Late last year one of my friends announced that 2016 was the Year of the Parks. So Santa, ever knowing, bestowed on her a Texas State Park pass. Unlimited access to all the Texas State Parks and up to 15 people per vehicle (now if we can get that many in her jeep, we are definitely going to look like the clown car when we unload).
Her lofty goal (weather permitting) is 2 state parks every month. That would be a total of 24 parks which mean there are 85 Texas State parks that won’t make the cut.

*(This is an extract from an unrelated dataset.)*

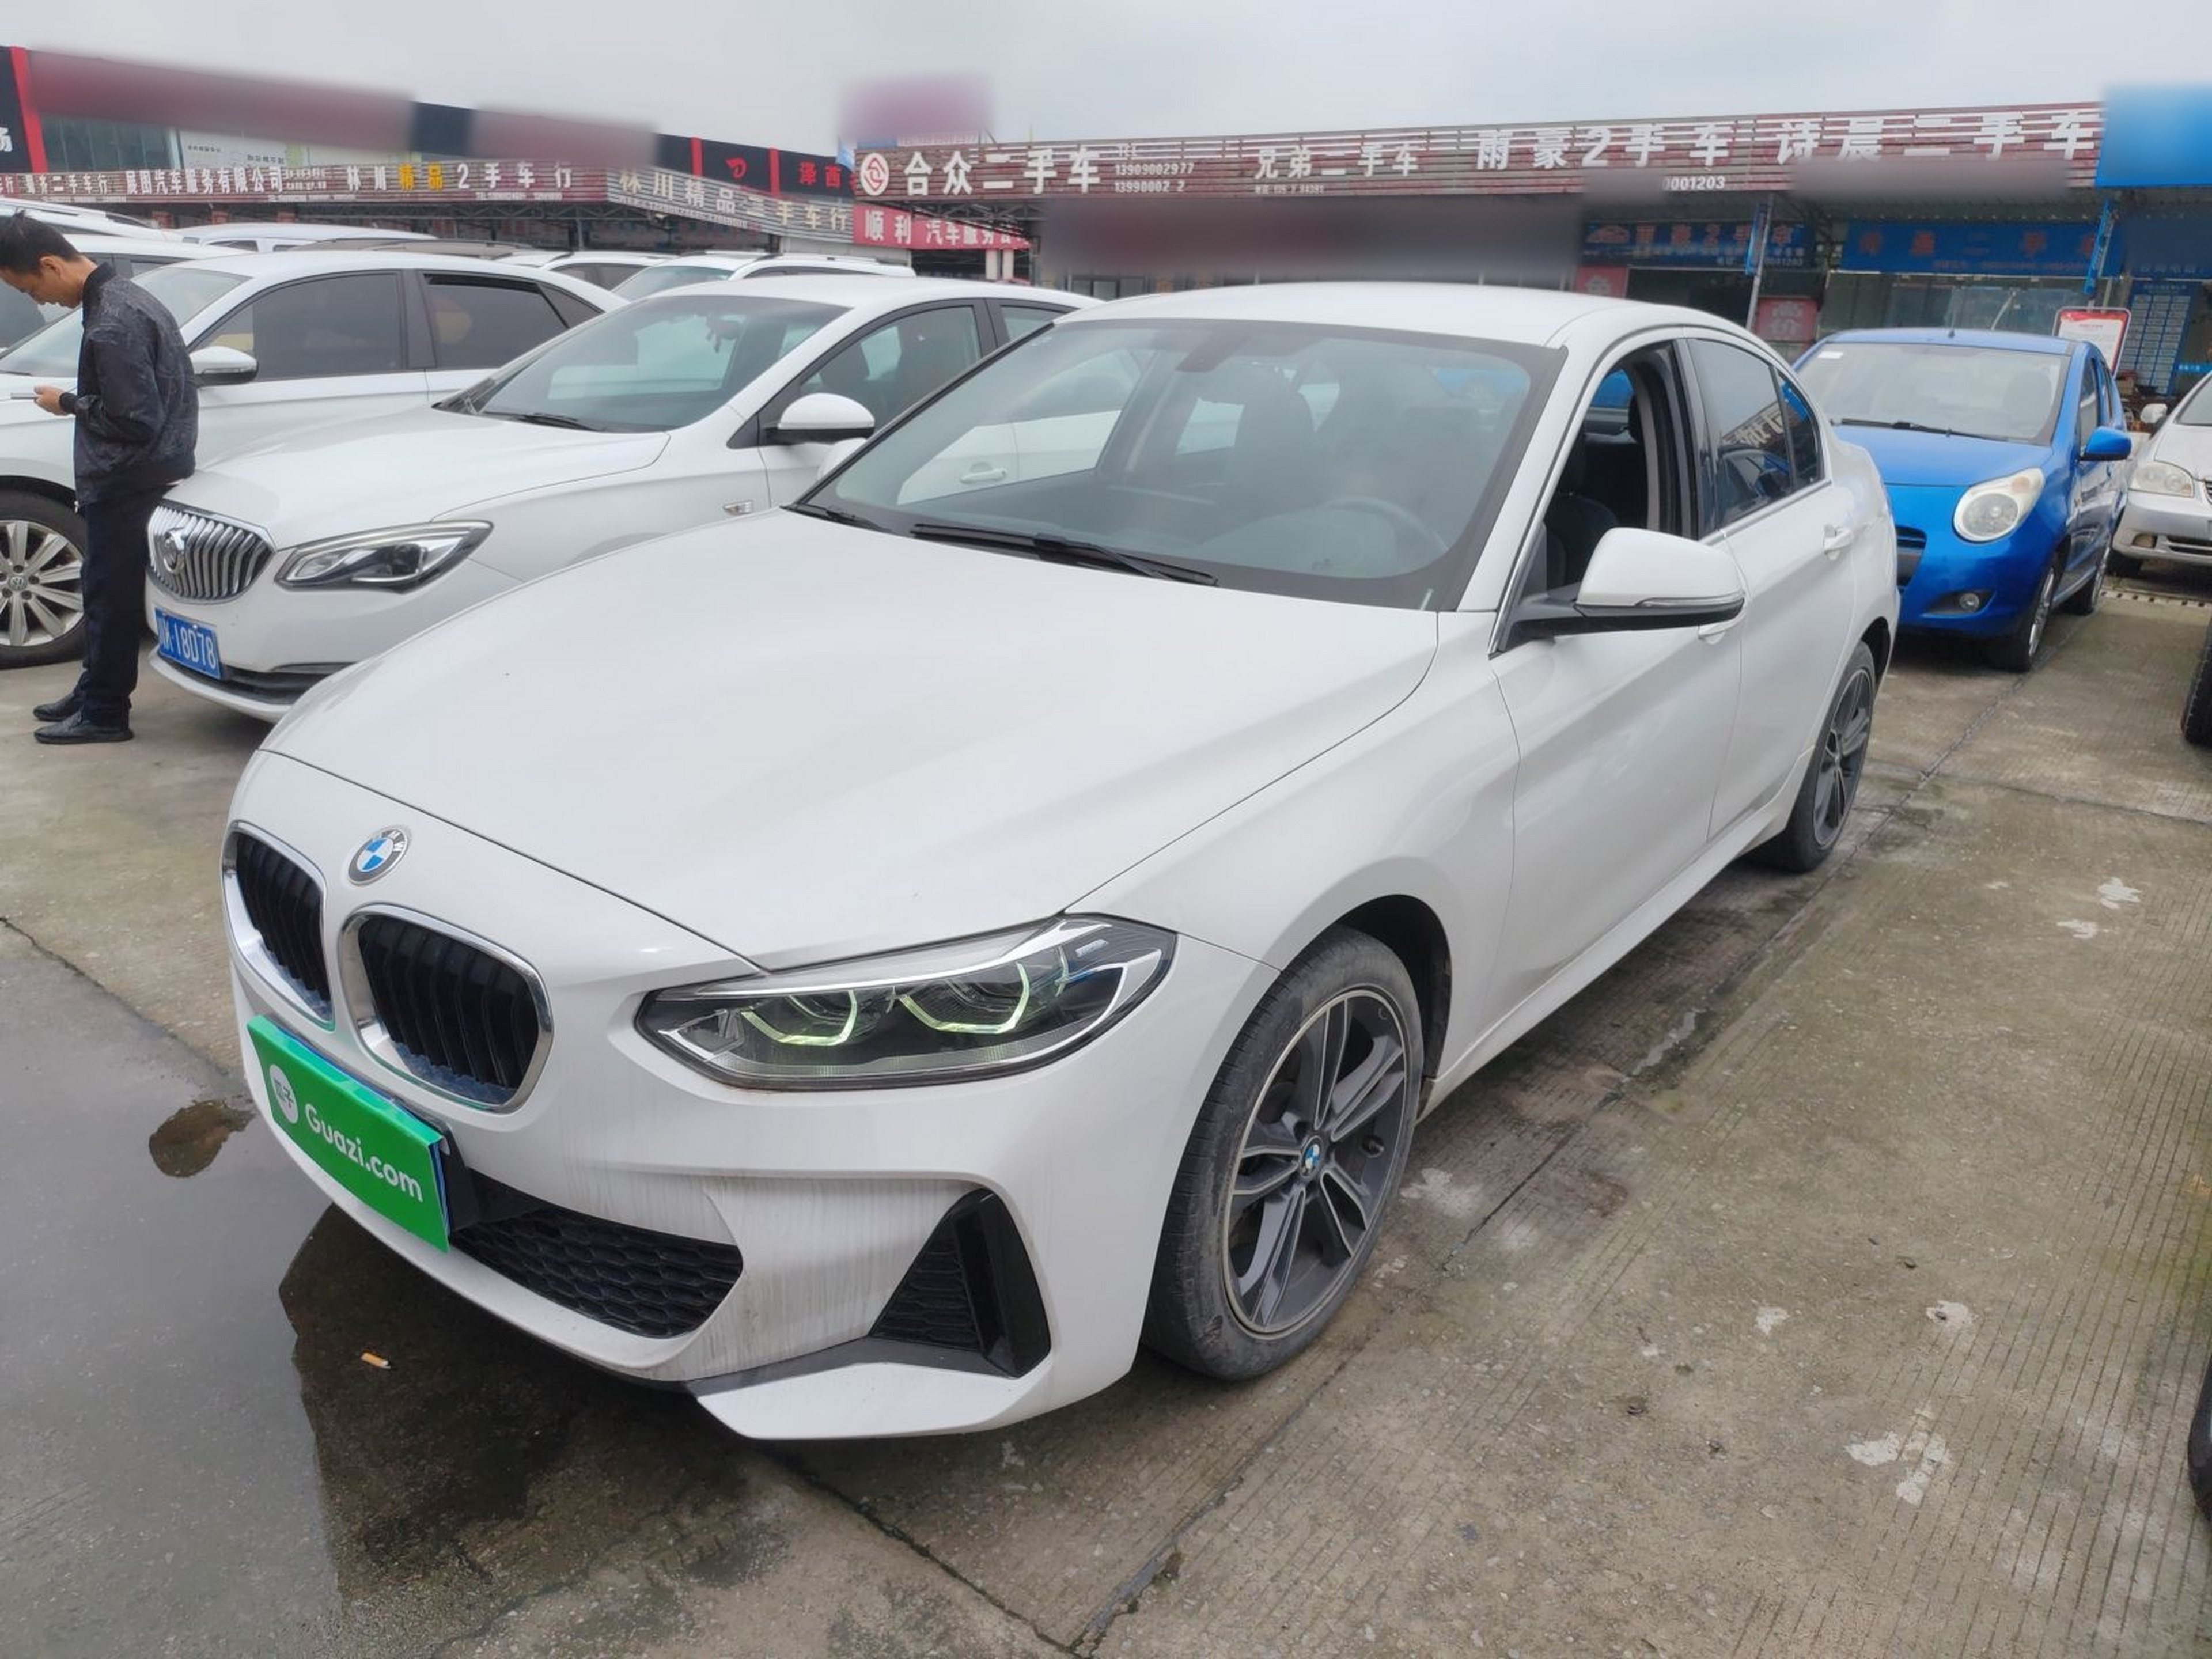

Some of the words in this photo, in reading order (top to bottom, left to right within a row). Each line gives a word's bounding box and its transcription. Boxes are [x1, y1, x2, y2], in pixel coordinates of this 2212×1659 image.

Please join us for the ride as we discover what Texas State Parks are all about without the blisters. Well, I already have a couple, but for you — you’re safe. Unless my awesome posts inspire you to leave the computer behind and visit the awesome parks near you; better yet, make it a road trip with friends, and visit parks far far away.
UPDATE: My reviews of the Texas State Parks we visited/hiked, and kinda got lost in (except I’m a geocacher so my GPS bailed us out) are being published on the Tex Hill Country Blog so pop over there and share away and comment on what you like or don’t like. This list will grow as I visit them, so check back once in a while or subscribe to my post and you’ll be notified whenever a Park review goes up.
- Pedernales Falls
- Government Canyon State Natural Area
- Mother Neff
- McKinney Falls
- Colorado Bend
- Mustang Island
Texas State Park Facts
Here are some very interesting facts that you may or may not know about the state parks in Texas. Alternatively you can check out the parks from the main source Texas State Parks with maps and up to date information on camping and hiking and all that jazz.
This is a fun challenge for all us geocachers out there. The main goal is to find a particular cache all the 90+ Texas State Parks, historic sites and natural areas all over Texas. During this challenge you discover hidden items, learn exciting facts and stories about Texas State Parks, and win prizes! (Direct quote from The TSP site).
I just happen to love caching. It gives me a goal while I work to put blisters on my heels. Kind of takes the sting out of the long hikes — though some of the caches are not that far off the main path or in some cases, the visitor center.
It has been rumored off and on over the years that natural darkness is disappearing. The night sky is endangered due to light pollution. Which is a fancy way of saying that cities and suburbs who don’t ever turn off lights is making it harder and harder to see the stars and constellations. TWP has a program where you can not only see the beauty of non-earth bound matter, but to educate the rest of us on what they are doing to stop light pollution along with what we can do to prevent the loss of seeing the constellations. Another almost unknown fact: by lighting up everything 24-7 we (humans and animals alike) are degrading our eye sigh
t due to unnecessary glare. I personally think it’s like GPS. We rely so heavily on it that we are losing our natural ability to figure out the lay of the land and how to get from point A to point B. Sometimes technology is not a good thing.
Incredibly, only 4 of the state parks have waterfalls. Considering there are over 90 state parks and natural preserves in this huge state. I recommend that you see them before the high heat shrinks them or after the fall rains have come in. Just be careful if you are hiking out to see them as any amount of rain increases the risk of flash flooding.
- Big Bend Ranch State Park has three waterfalls you can reach by trail. If it’s been raining there may be other “pour-offs.”
- McKinney Falls State Park has two falls (McKinney Falls and the Upper Falls).
- Pedernales Falls State Park has a gradual, cascading fall of about 300 feet on the Pedernales River.
- Colorado Bend State Park has Gorman Falls. This one you can hike to on your own or you can go on a guided tour.